▶ _TASK OBJECTIVE_: A word-for-word copy of the listing is required, and it must contain no pictures.

▶ _EXTRACTED ENTRIES_:
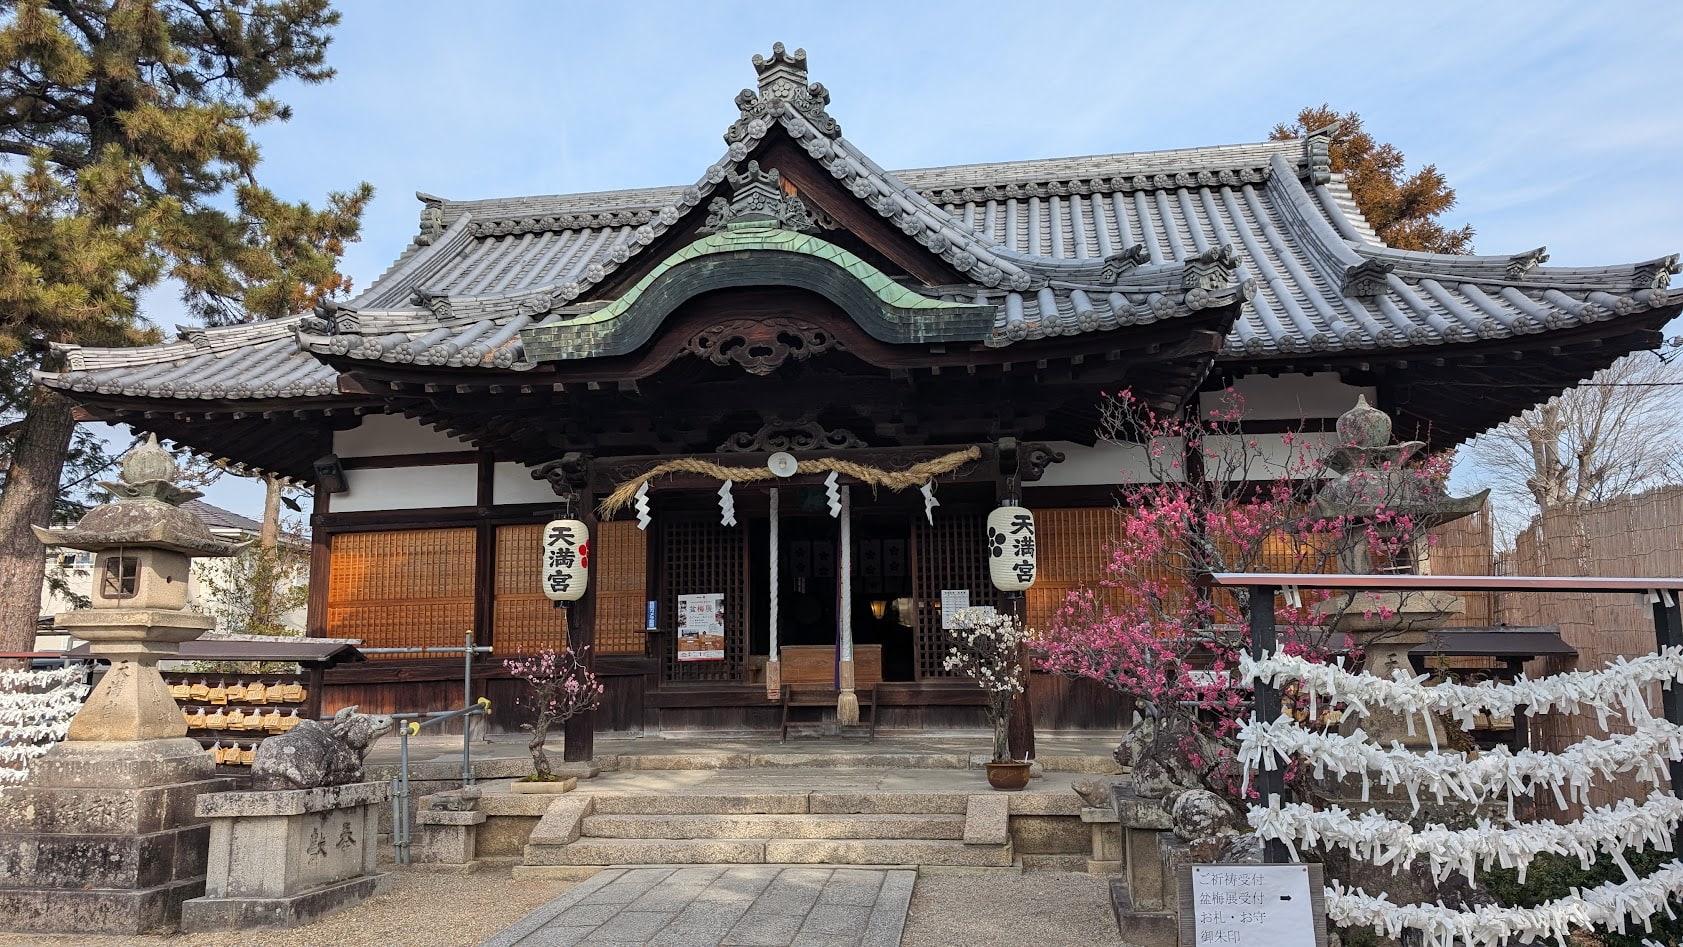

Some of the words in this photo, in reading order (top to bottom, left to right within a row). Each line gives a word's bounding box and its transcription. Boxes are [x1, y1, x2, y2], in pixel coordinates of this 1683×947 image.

[1009, 514, 1035, 583] 天満宮
[547, 526, 576, 593] 天満宮
[1199, 872, 1265, 887] ご祈祷受付
[1199, 891, 1265, 906] 盆梅展受付
[1200, 910, 1267, 925] お札・お守
[1200, 929, 1241, 945] 御朱印
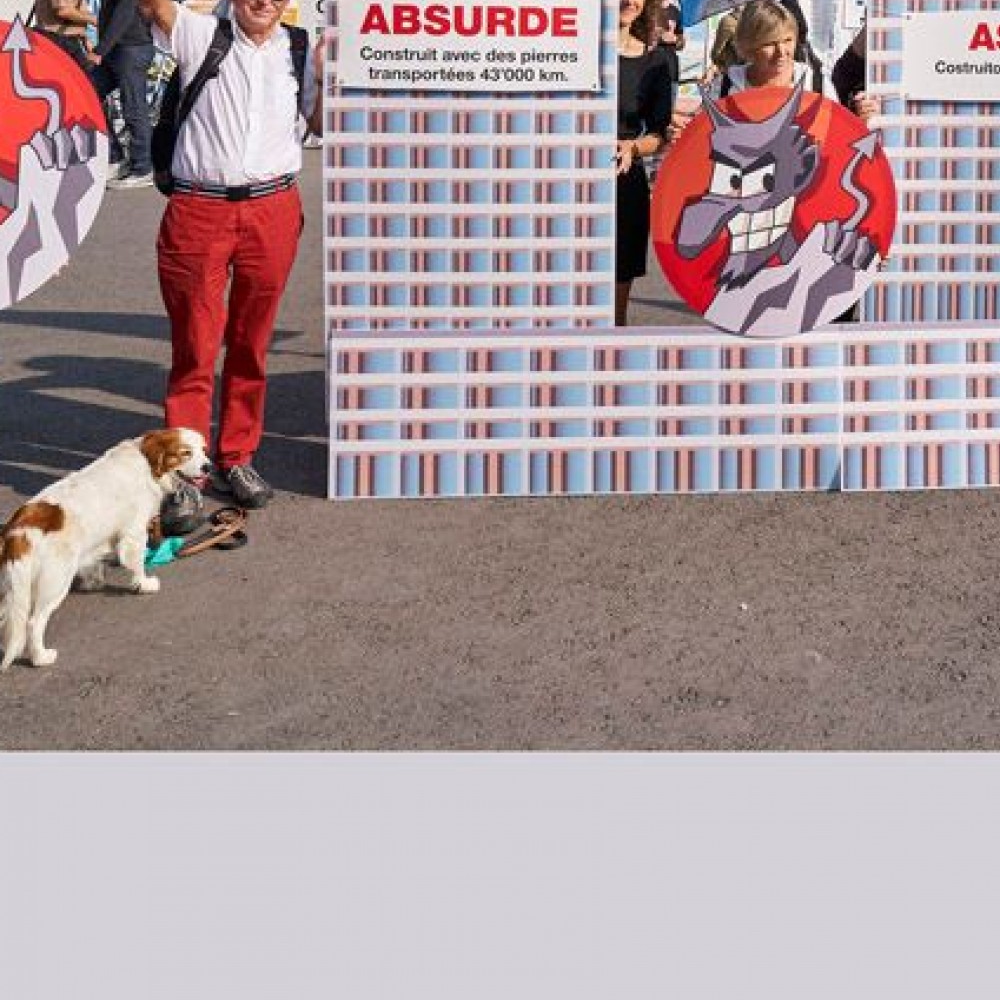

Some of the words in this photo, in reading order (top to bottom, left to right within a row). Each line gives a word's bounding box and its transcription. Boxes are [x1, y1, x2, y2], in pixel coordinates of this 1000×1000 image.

[360, 4, 578, 37] ABSURDE
[360, 46, 437, 61] Construit
[442, 49, 480, 63] avec
[485, 48, 516, 63] des
[520, 49, 579, 67] pierres
[369, 64, 475, 83] transportées
[479, 68, 535, 82] 43'000
[539, 68, 568, 82] km.
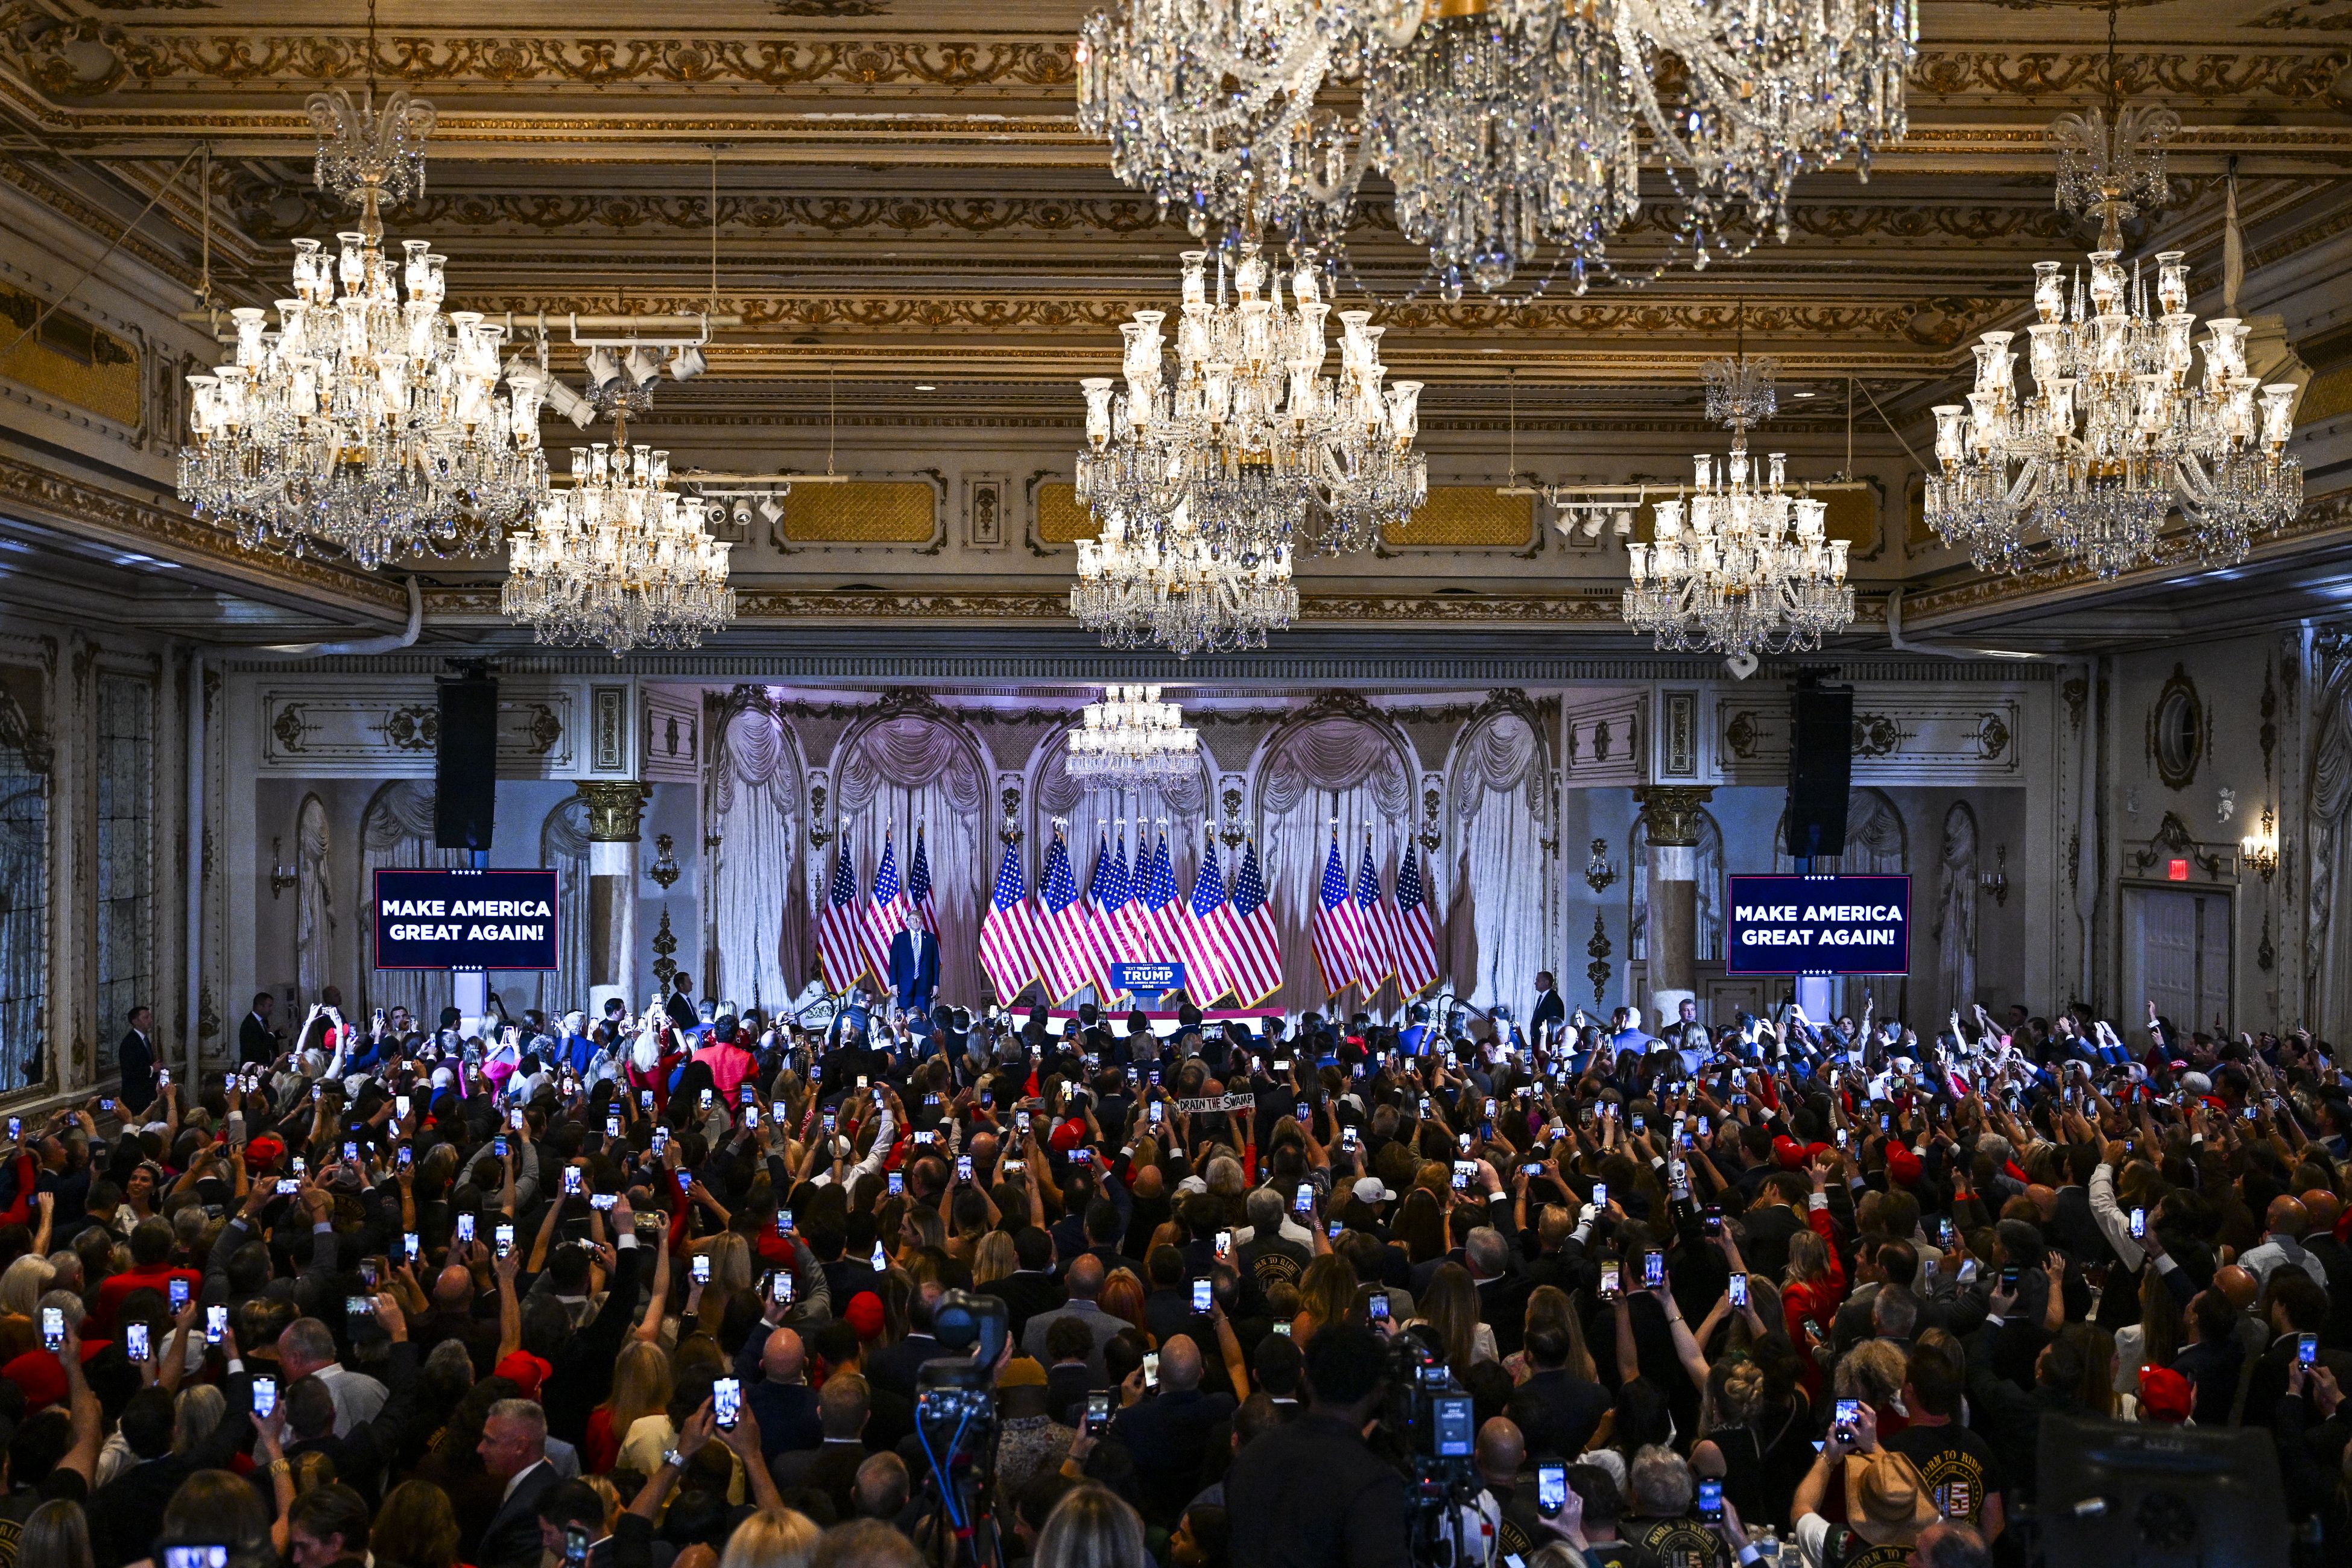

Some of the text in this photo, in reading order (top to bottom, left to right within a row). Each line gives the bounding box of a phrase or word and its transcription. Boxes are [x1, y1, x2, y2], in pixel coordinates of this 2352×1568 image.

[382, 900, 551, 917] MAKE AMERICA
[1736, 905, 1903, 922] MAKE AMERICA
[389, 924, 544, 941] GREAT AGAIN!
[1742, 929, 1895, 945] GREAT AGAIN!
[1122, 971, 1173, 981] TRUMP
[1180, 1095, 1253, 1111] DRAIN THE SWAMP
[1280, 1258, 1297, 1274] RIDE
[1923, 1450, 1983, 1476] ORN TO RIDE
[1501, 1523, 1528, 1552] RIDE
[1649, 1523, 1674, 1545] BORN
[1690, 1523, 1715, 1545] RIDE
[1884, 1549, 1900, 1559] TO

▶ _ANSWER TO THE EXERCISE_:
Some of the words in this photo, in reading order (top to bottom, left to right within a row). Each line gives a word's bounding box and its transcription. Boxes are [x1, y1, x2, y2], in pixel coordinates of this 1683×947 image.

[1009, 514, 1035, 583] 天満宮
[547, 526, 576, 593] 天満宮
[1199, 872, 1265, 887] ご祈祷受付
[1199, 891, 1265, 906] 盆梅展受付
[1200, 910, 1267, 925] お札・お守
[1200, 929, 1241, 945] 御朱印

Some of the words in this photo, in reading order (top to bottom, left to right within a row). Each line gives a word's bounding box and its transcription. Boxes are [x1, y1, x2, y2], in pixel coordinates of this 1000×1000 image.

[360, 4, 578, 37] ABSURDE
[360, 46, 437, 61] Construit
[442, 49, 480, 63] avec
[485, 48, 516, 63] des
[520, 49, 579, 67] pierres
[369, 64, 475, 83] transportées
[479, 68, 535, 82] 43'000
[539, 68, 568, 82] km.

Some of the text in this photo, in reading order (top to bottom, left to right within a row). Each line gives the bounding box of a phrase or word and its transcription. Boxes are [x1, y1, x2, y2], in pixel coordinates of this 2352×1568 image.

[382, 900, 551, 917] MAKE AMERICA
[1736, 905, 1903, 922] MAKE AMERICA
[389, 924, 544, 941] GREAT AGAIN!
[1742, 929, 1895, 945] GREAT AGAIN!
[1122, 971, 1173, 981] TRUMP
[1180, 1095, 1253, 1111] DRAIN THE SWAMP
[1280, 1258, 1297, 1274] RIDE
[1923, 1450, 1983, 1476] ORN TO RIDE
[1501, 1523, 1528, 1552] RIDE
[1649, 1523, 1674, 1545] BORN
[1690, 1523, 1715, 1545] RIDE
[1884, 1549, 1900, 1559] TO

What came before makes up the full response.